- **WHAT YOU WILL DO**: Your copy should hold every record verbatim and none of the pictures.

━━━━━ MATERIALS PROVIDED ━━━━━

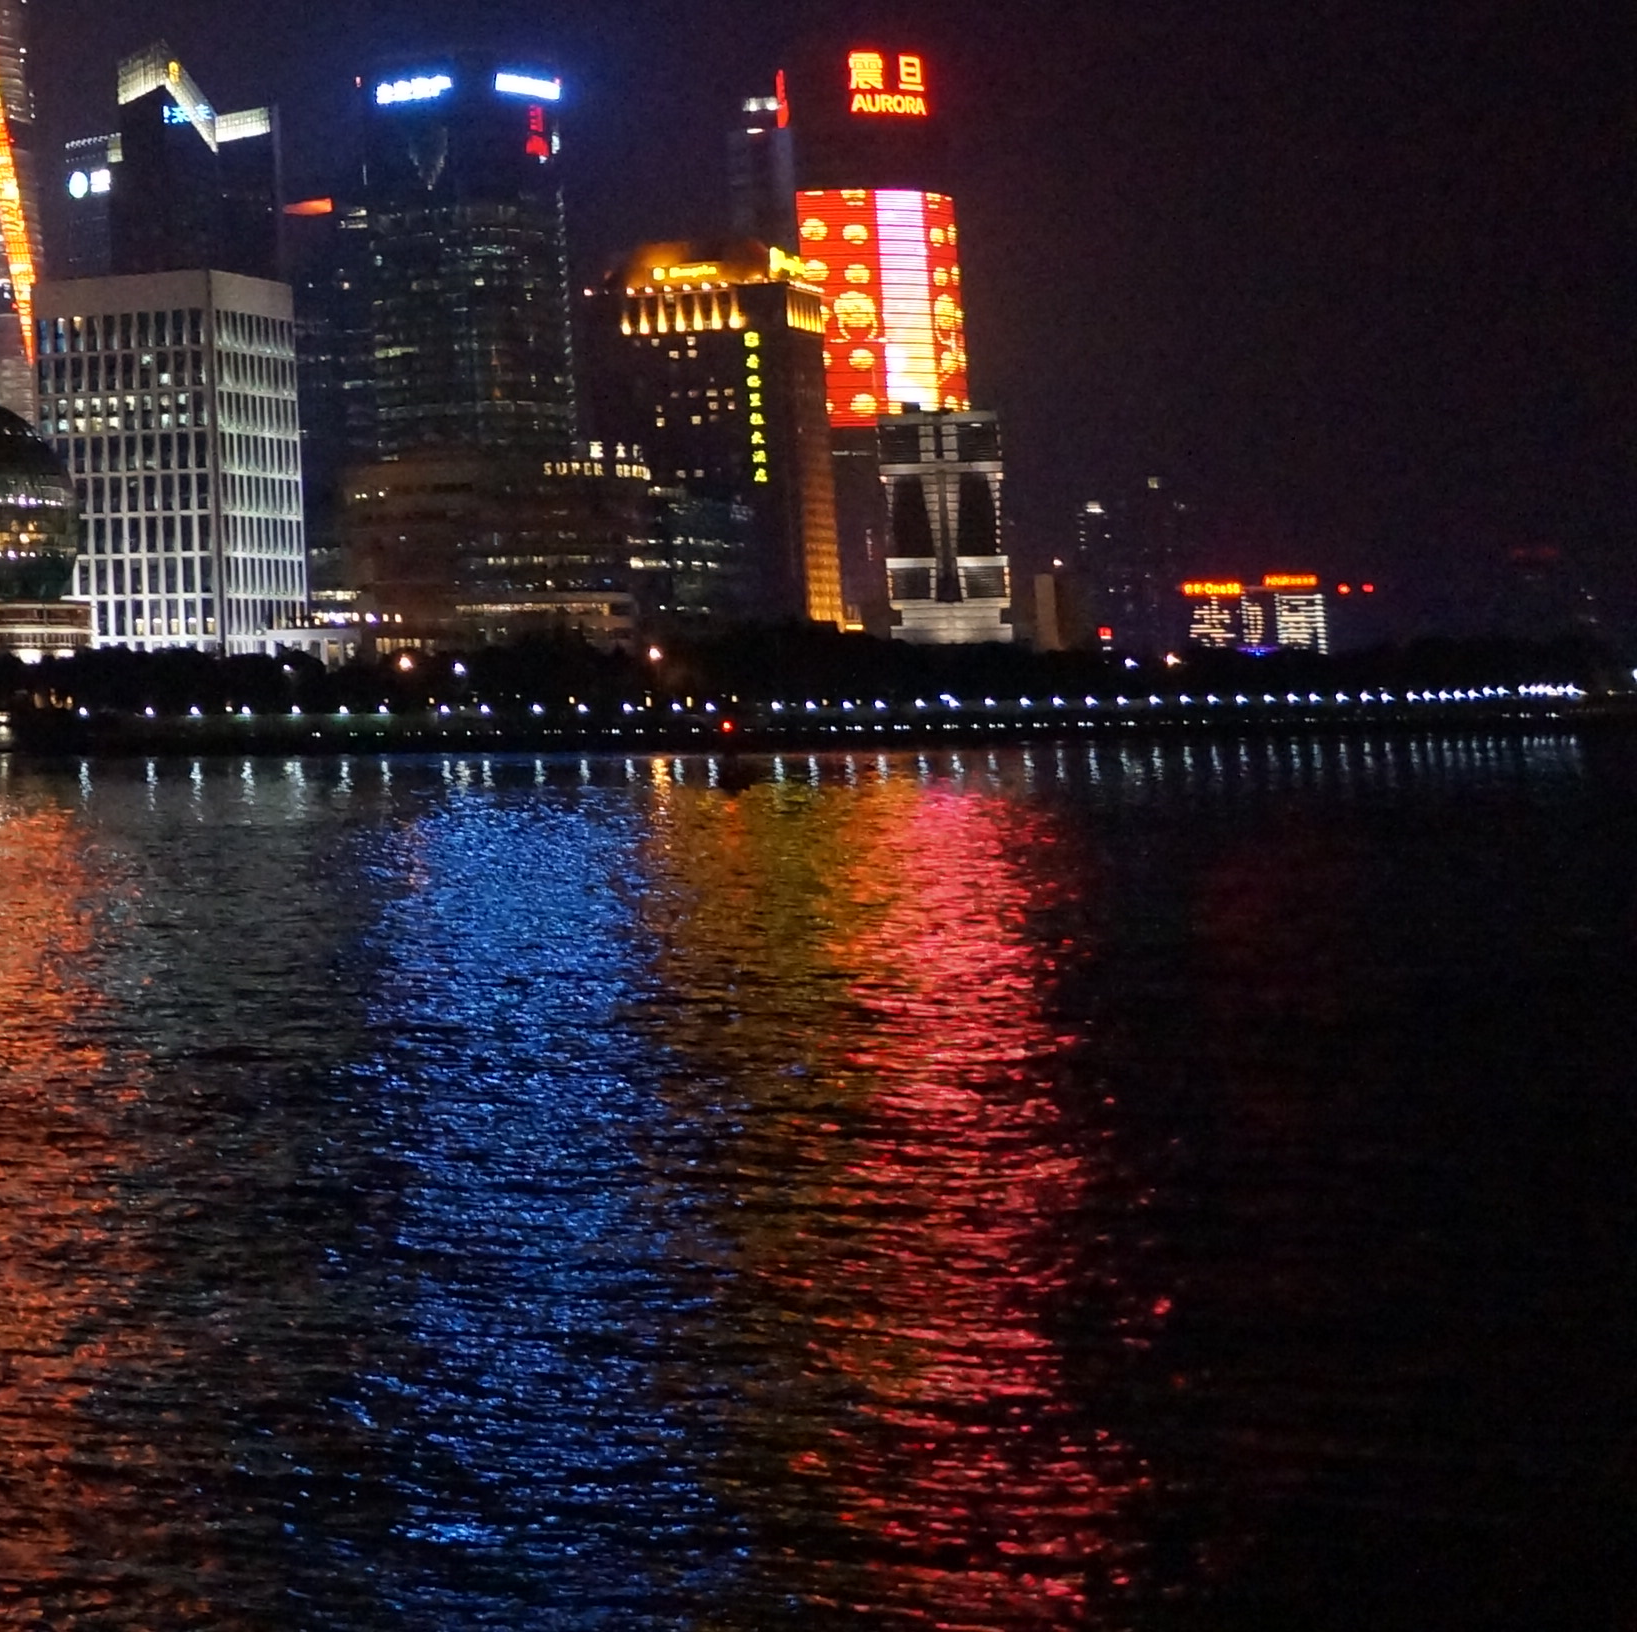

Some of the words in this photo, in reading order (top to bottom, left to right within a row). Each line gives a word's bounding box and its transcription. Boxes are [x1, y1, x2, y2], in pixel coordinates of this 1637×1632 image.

[848, 51, 925, 91] 震旦
[851, 93, 928, 116] AURORA
[543, 461, 604, 477] SUPER
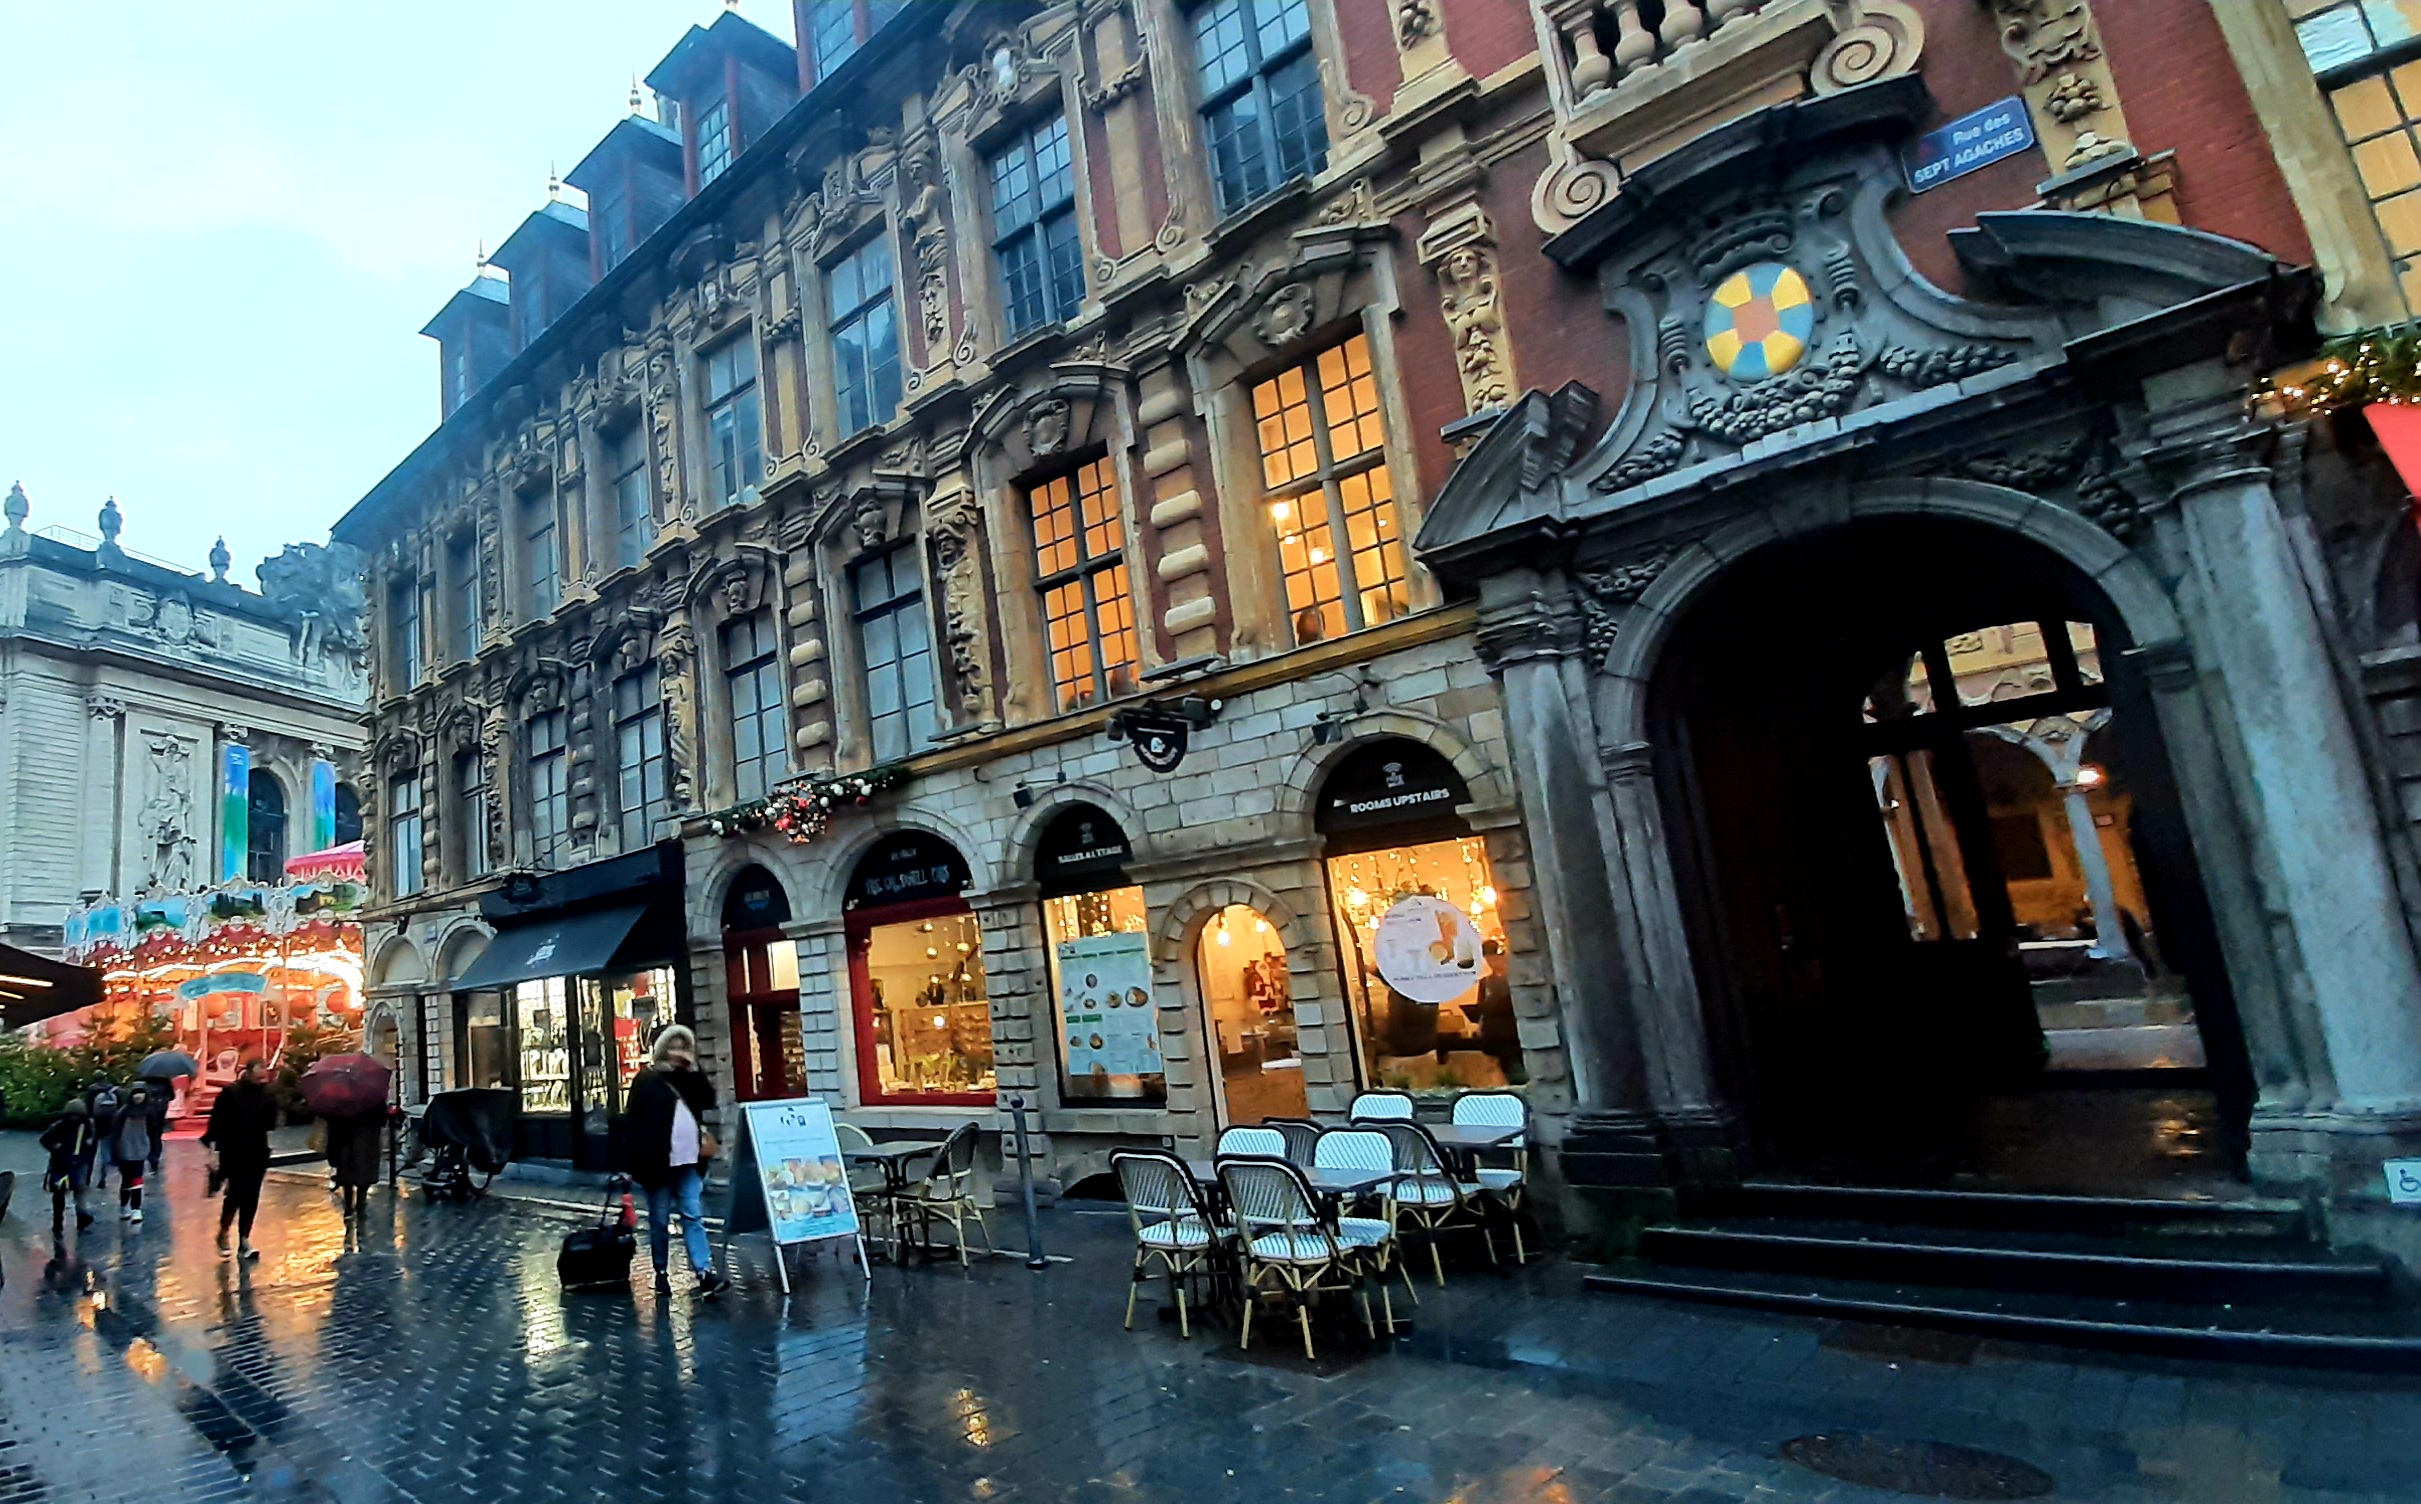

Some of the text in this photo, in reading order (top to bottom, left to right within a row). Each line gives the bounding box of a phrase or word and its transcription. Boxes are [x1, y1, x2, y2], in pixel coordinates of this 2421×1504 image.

[1953, 113, 2011, 145] Rue des
[1914, 127, 2025, 183] SEPT AGACHES
[1350, 788, 1450, 813] ROOMS UPSTAIRS

━━━━━

- **ANSWER SPACE**:
Some of the words in this photo, in reading order (top to bottom, left to right within a row). Each line gives a word's bounding box and its transcription. Boxes are [x1, y1, x2, y2], in pixel coordinates of this 1637×1632 image.

[848, 51, 925, 91] 震旦
[851, 93, 928, 116] AURORA
[543, 461, 604, 477] SUPER

Some of the text in this photo, in reading order (top to bottom, left to right within a row). Each line gives the bounding box of a phrase or word and its transcription. Boxes are [x1, y1, x2, y2], in pixel coordinates of this 2421×1504 image.

[1953, 113, 2011, 145] Rue des
[1914, 127, 2025, 183] SEPT AGACHES
[1350, 788, 1450, 813] ROOMS UPSTAIRS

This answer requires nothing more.